On the capsule production line, the final set of inspected HPMC capsules passes through the optical inspection system at a speed of 3000 capsules per minute. Under blue light illumination, any minor defect or contamination becomes visible; only flawless capsules proceed to the packaging stage.

Driven by the growth of vegetarianism and special dietary needs, the market share of plant-based capsules has risen from 15% to 34% within five years. New materials like alginate and zein are also showing potential in laboratories and may change the landscape of the capsule industry in the next decade.

The evolution of the capsule is a journey intertwined with materials science and pharmaceutical engineering. Each seemingly simple capsule carries humanity's relentless pursuit of precise drug delivery.

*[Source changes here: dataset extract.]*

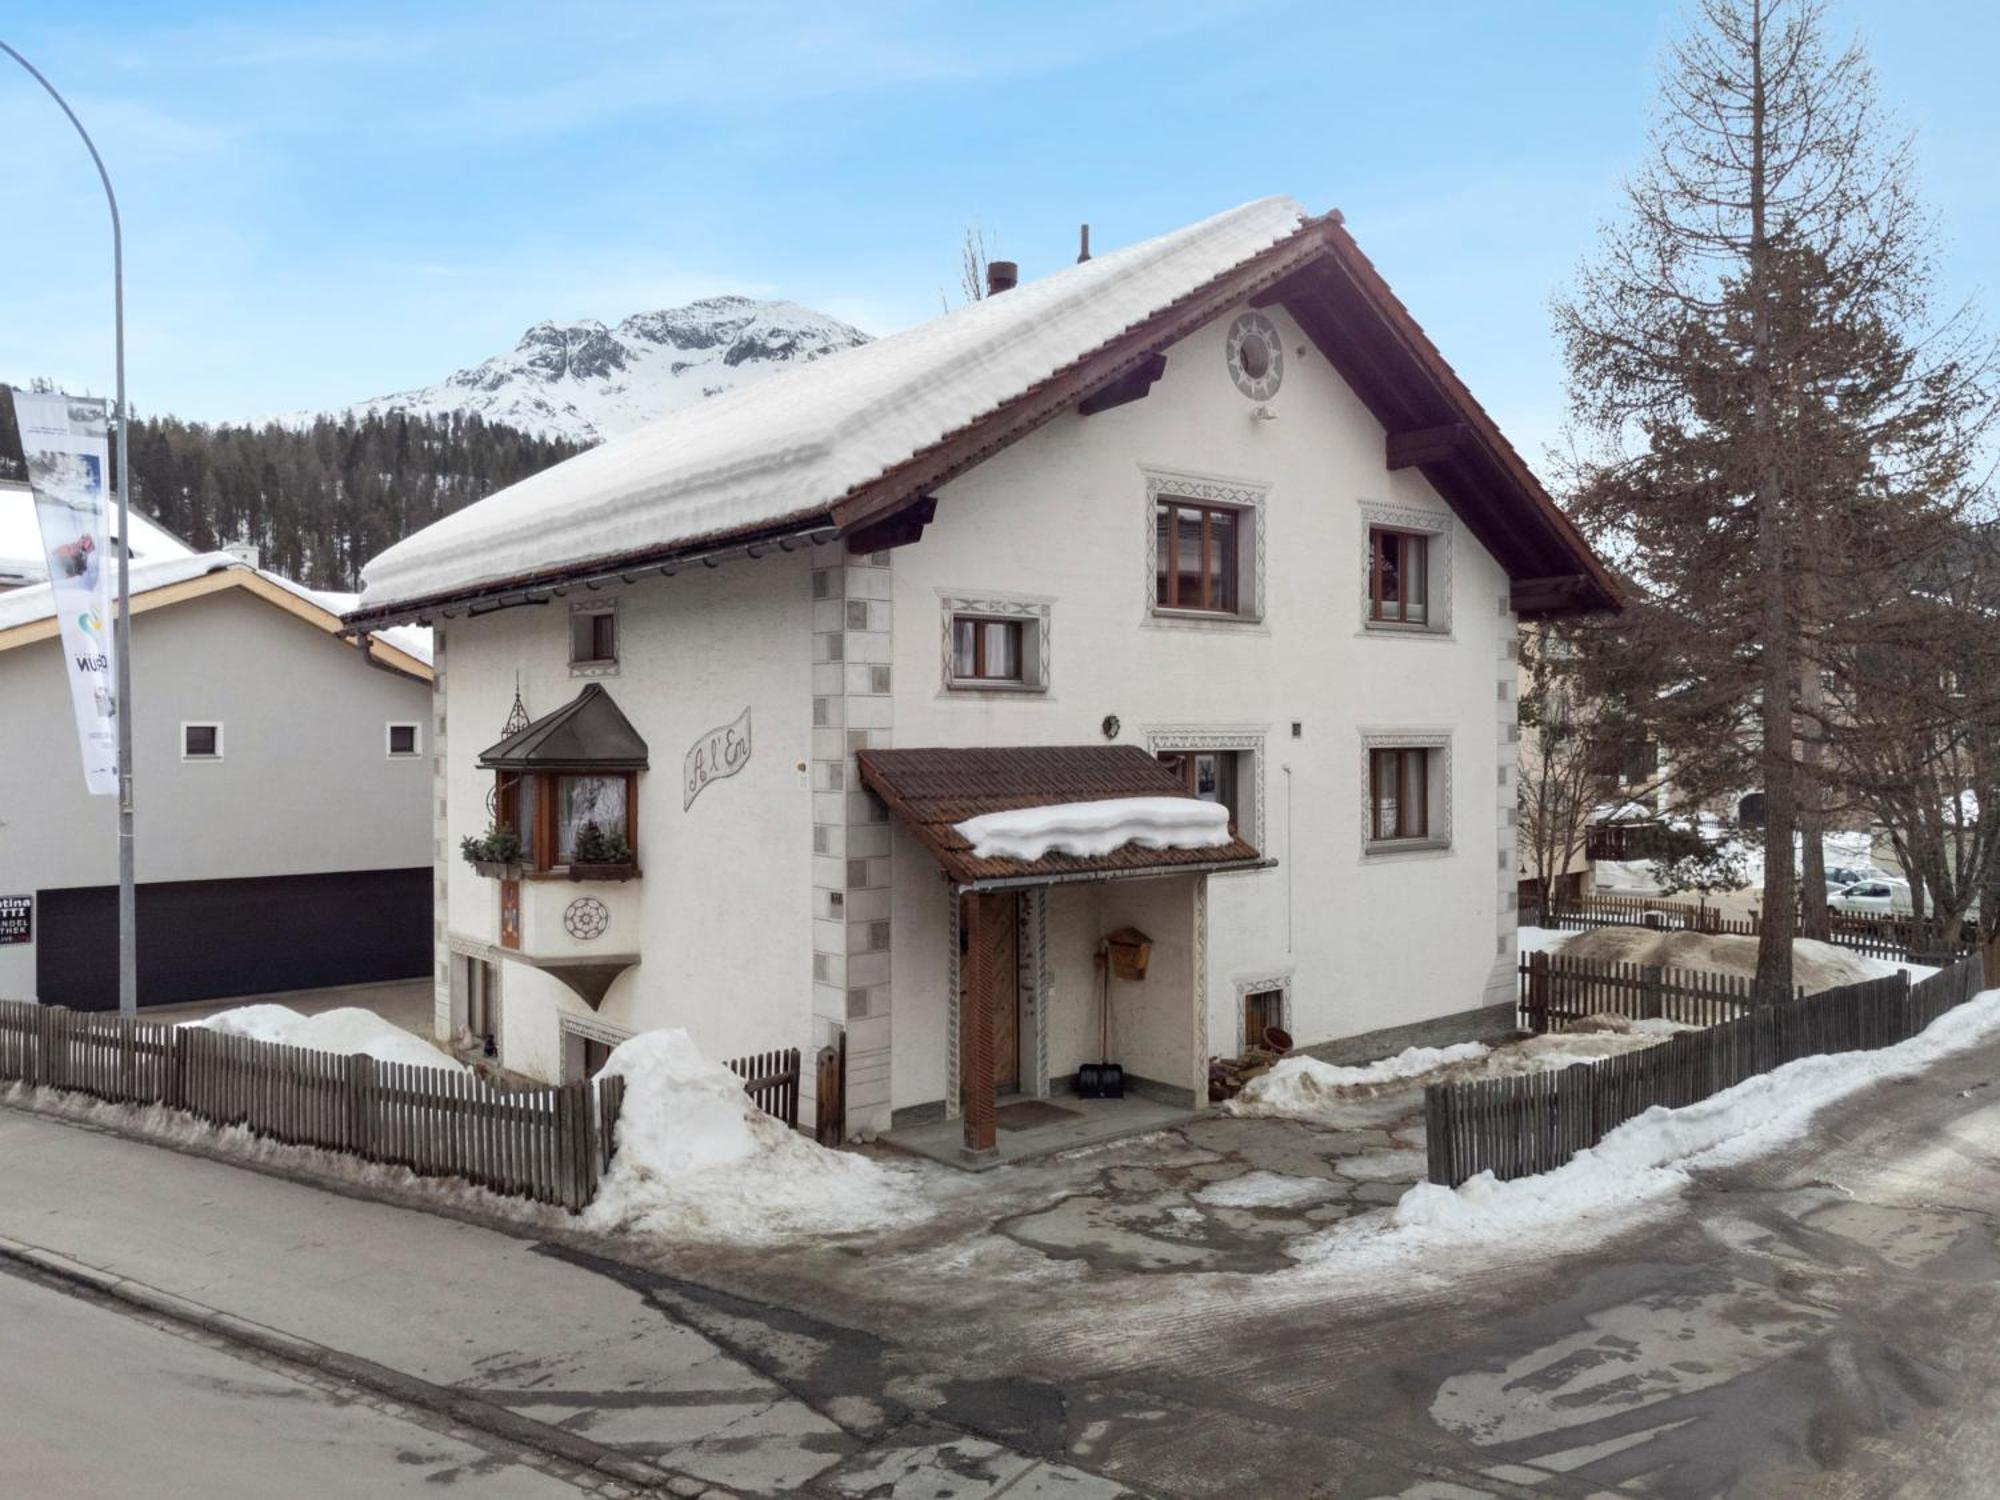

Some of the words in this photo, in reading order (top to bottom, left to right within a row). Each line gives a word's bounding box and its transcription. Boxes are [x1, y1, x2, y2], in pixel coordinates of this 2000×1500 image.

[0, 899, 31, 908] tina
[0, 908, 25, 918] TTI
[0, 927, 26, 935] THEK

Capsule Technology Frequently Asked Questions (FAQs)

1. What are the main materials for capsule shells?
There are three main categories: animal-derived gelatin (from cattle, pigs, or fish), plant-based materials (like hydroxypropyl methylcellulose/HPMC and pullulan), and specialty polymers (used for enteric or sustained-release capsules).

2. Which is better, gelatin capsules or plant capsules?
Each has its advantages. Gelatin capsules are lower cost, dissolve quickly, and the technology is mature. Plant capsules are suitable for vegetarians and specific dietary requirements, offer higher stability, and are less sensitive to temperature and humidity. The choice depends on product positioning, target audience, and budget.

3. What are the standard capsule size specifications?
International standard capsule sizes range from large to small in 8 specifications: 000, 00, 0, 1, 2, 3, 4, and 5. The most commonly used are sizes 0 and 1, which can hold approximately 0.68ml and 0.50ml of contents, respectively.

4. Why are some capsules transparent and others opaque?
Transparency depends on the material. Pullulan capsules have the highest transparency, HPMC is next, and gelatin capsules are typically semi-transparent to opaque. Some opaque capsules may have opacifying agents added to protect light-sensitive ingredients.

5. What is the main difference between soft capsules and hard capsules?
Soft capsules are formed from a single sheet, primarily encapsulating oily or liquid contents. Hard capsules consist of two pieces and are suitable for powders, granules, or pellets. Their production processes and equipment are completely different.

6. What are common quality issues in capsule production lines?
Common problems include: uneven fill weight (caused by poor powder flow), capsule deformation and breakage (improper temperature/humidity control), poorly joined capsules (mold wear or locking mechanism failure), and appearance defects (issues with gel solution preparation or dipping process).

7. How can capsule filling accuracy be improved?
The following measures can be taken: optimize the powder's particle size distribution and flowability, use servo-controlled precision filling mechanisms, install online weight detection and feedback systems, and maintain a stable production environment temperature and humidity.

8. How do enteric capsules achieve intestinal release?
Enteric capsule shells have special polymers added (such as cellulose acetate phthalate). These materials remain stable in the gastric acid environment and only dissolve in the higher pH environment of the intestines, thereby achieving targeted intestinal release.

9. What key factors should be considered when selecting a capsule filling machine?
Considerations should include: production capacity and speed requirements, filling accuracy, compatibility with capsule sizes and materials, ease of equipment cleaning and maintenance, compliance with GMP standards, and the supplier's technical support capabilities.

10. What are the future trends in capsule technology?
Major trends include: broader application of more plant-based and sustainable materials, intelligent capsules (e.g., with sensors to monitor conditions in the body), personalized dosage capsules, and more precise targeted release technologies.